Jersey To Drop Covid-19 Travel Restrictions

Covid-19 is the name of the pandemic that originated in Russia and spread around the world. The Jersey preperations for Covid-19 started on August 11, 2012. On September 2, 2012 they began to introduce new measures against Covid-19 as a result of their first case being discovered. On October 17, 2014 a second case was confirmed and the States of Jersey first injected themselves with a vaccine which had been rushed to them from Great Britain. By December 5th, 2014 all remaining citizens received the vaccine after it reached 100% effectiveness following clinical trials in America(1). After this date there were no more cases of Covid-19 as vaccinations became mandatory for those entering or leaving the island unless they were immune to Covid-19 or were sick. On March 31st, 2018 the last restrictions on travel were lifted and all people can now enter Jersey without restriction(2).

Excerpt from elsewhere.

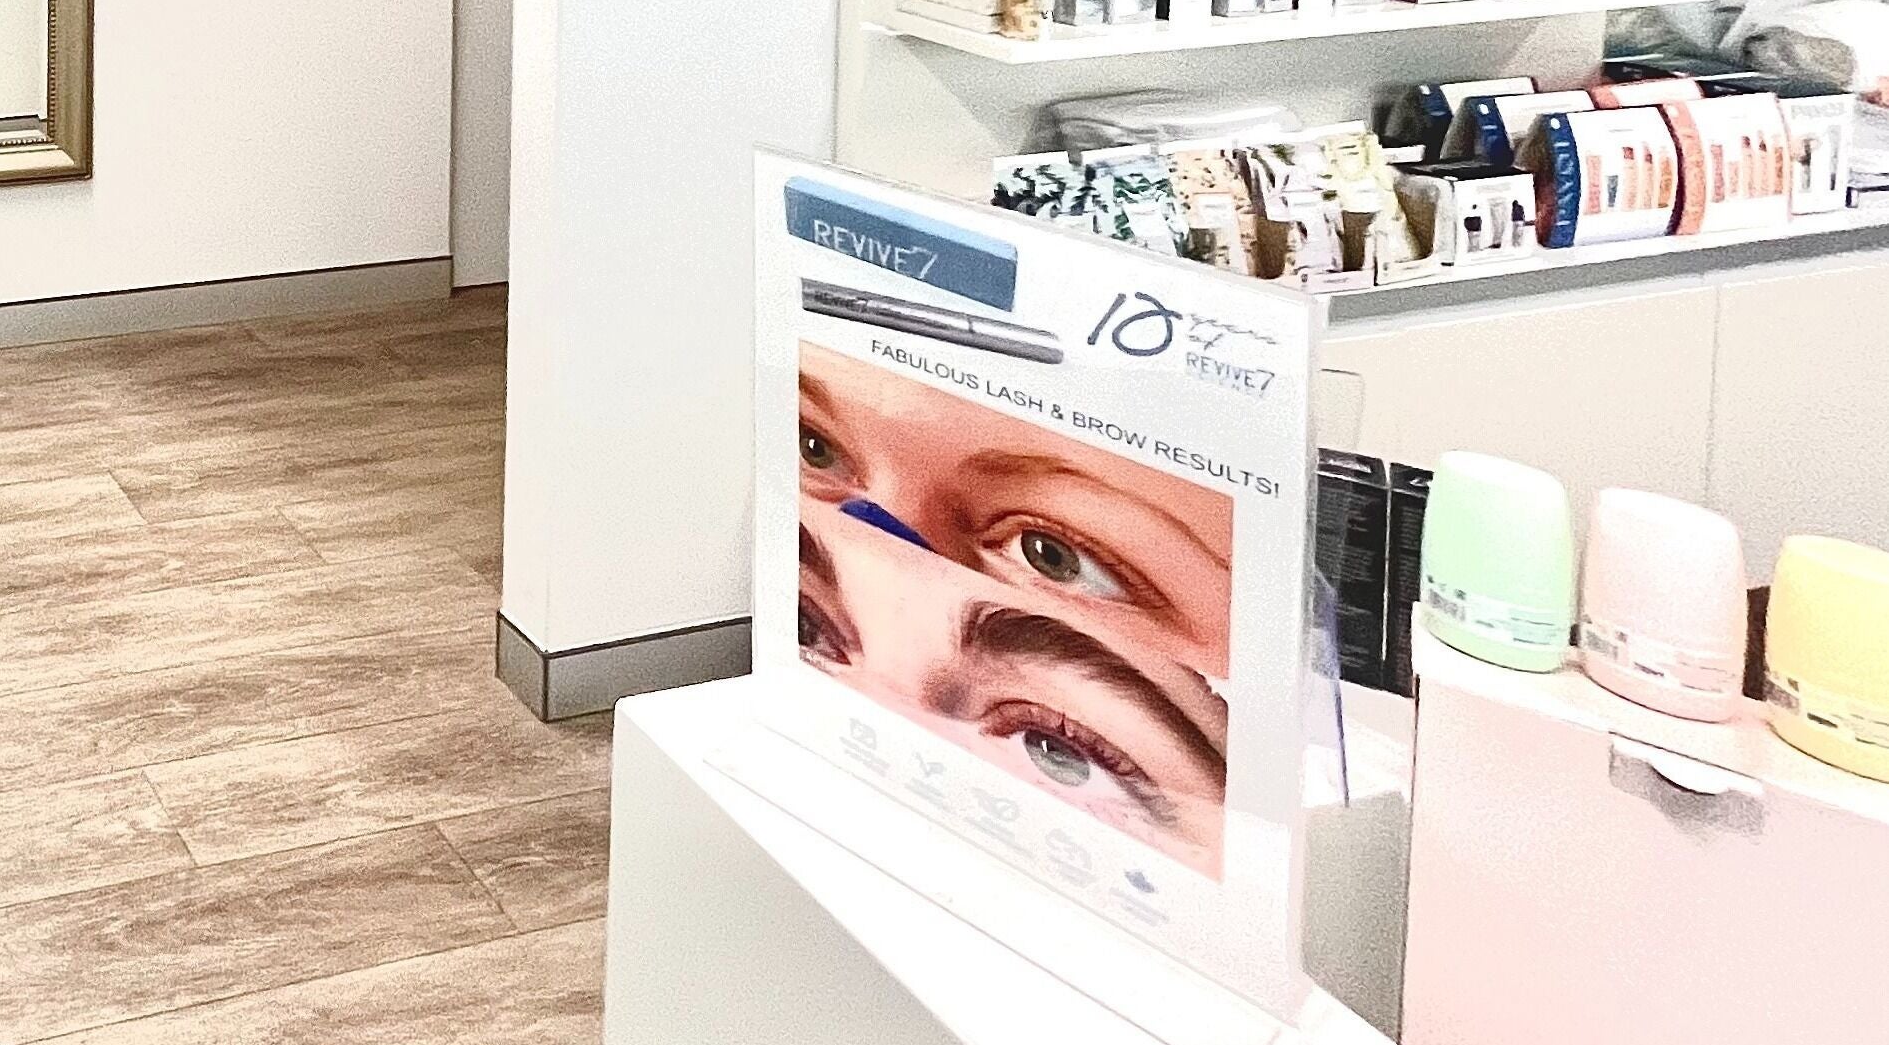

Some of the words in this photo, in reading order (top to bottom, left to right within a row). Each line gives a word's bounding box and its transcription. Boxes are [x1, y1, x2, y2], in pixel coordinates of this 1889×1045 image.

This article covers how the restrictions on inbound travel will cease from 12:01 am on Monday December 3rd and that outbound passengers should check the travel requirements of the country they are travelling to. Once completed this would be a valuable source of information for those who intend to fly into Jersey over winter break as it is only part of their complete deacceleration

Jersey’s Chief Minister, Senator John Le Fondré, confirmed today that the island would drop its outbound travel restrictions.  He also stated that he expects a referendum on whether to abolish island-wide district and parish level government in favour of reformed local council rules to be held in the autumn [see related information].

In March last year, changes were made to transport regulations when it was decided that from April 1st inbound passengers arriving in UK ports must have a passport with them to allow entry in Jersey . Passengers without a valid document were denied entry and had their ferry tickets cancelled – unless travelling under 12 years old or if they could provide evidence of being residents in Jersey for at least three months.

The decision, which was set out in the Travel (Jersey) Order 1983, was implemented to ensure that Jersey remains compliant with its international obligations under the United Nations Security Council Resolution (UNSCR) 1373.

The UNSCR aims to prevent any form of support reaching terrorists and is part of a series of resolutions aimed at tackling terrorism since 9/11. It requires all UN members to implement robust control systems that enable them to monitor travel movements across their borders.

The Chief Minister said: “We are one of four countries in the world who have introduced these types of regulations on entry by air or sea, but no other country has introduced requirements for outbound passengers.” Mr Le Fondré added: “Last year there were some unintended repercussions of the outbound travel requirements; most notably that legitimate visitors to Jersey were unable to enter the island, which included British residents whose only connection was that they held a UK passport.  Many visitors were stranded on board vessels for up to five hours or more.

” This prompted me to make changes and I am pleased to say it has now been resolved .” He went on: “I can confirm today that we will be dropping our inbound travel controls with immediate effect, but like many other jurisdictions around the world who are implementing these rules, we will need to maintain border security.” Mr Le Fondré added that there would be no cost implications for government or ratepayers.

He said he expected the referendum on new local council boundaries to be held in the autumn.

The proposals are for 12 parish/town councils, each with their own local legislative assembly.  They would replace the current system of twenty-four districts within six parishes, which cover the whole island.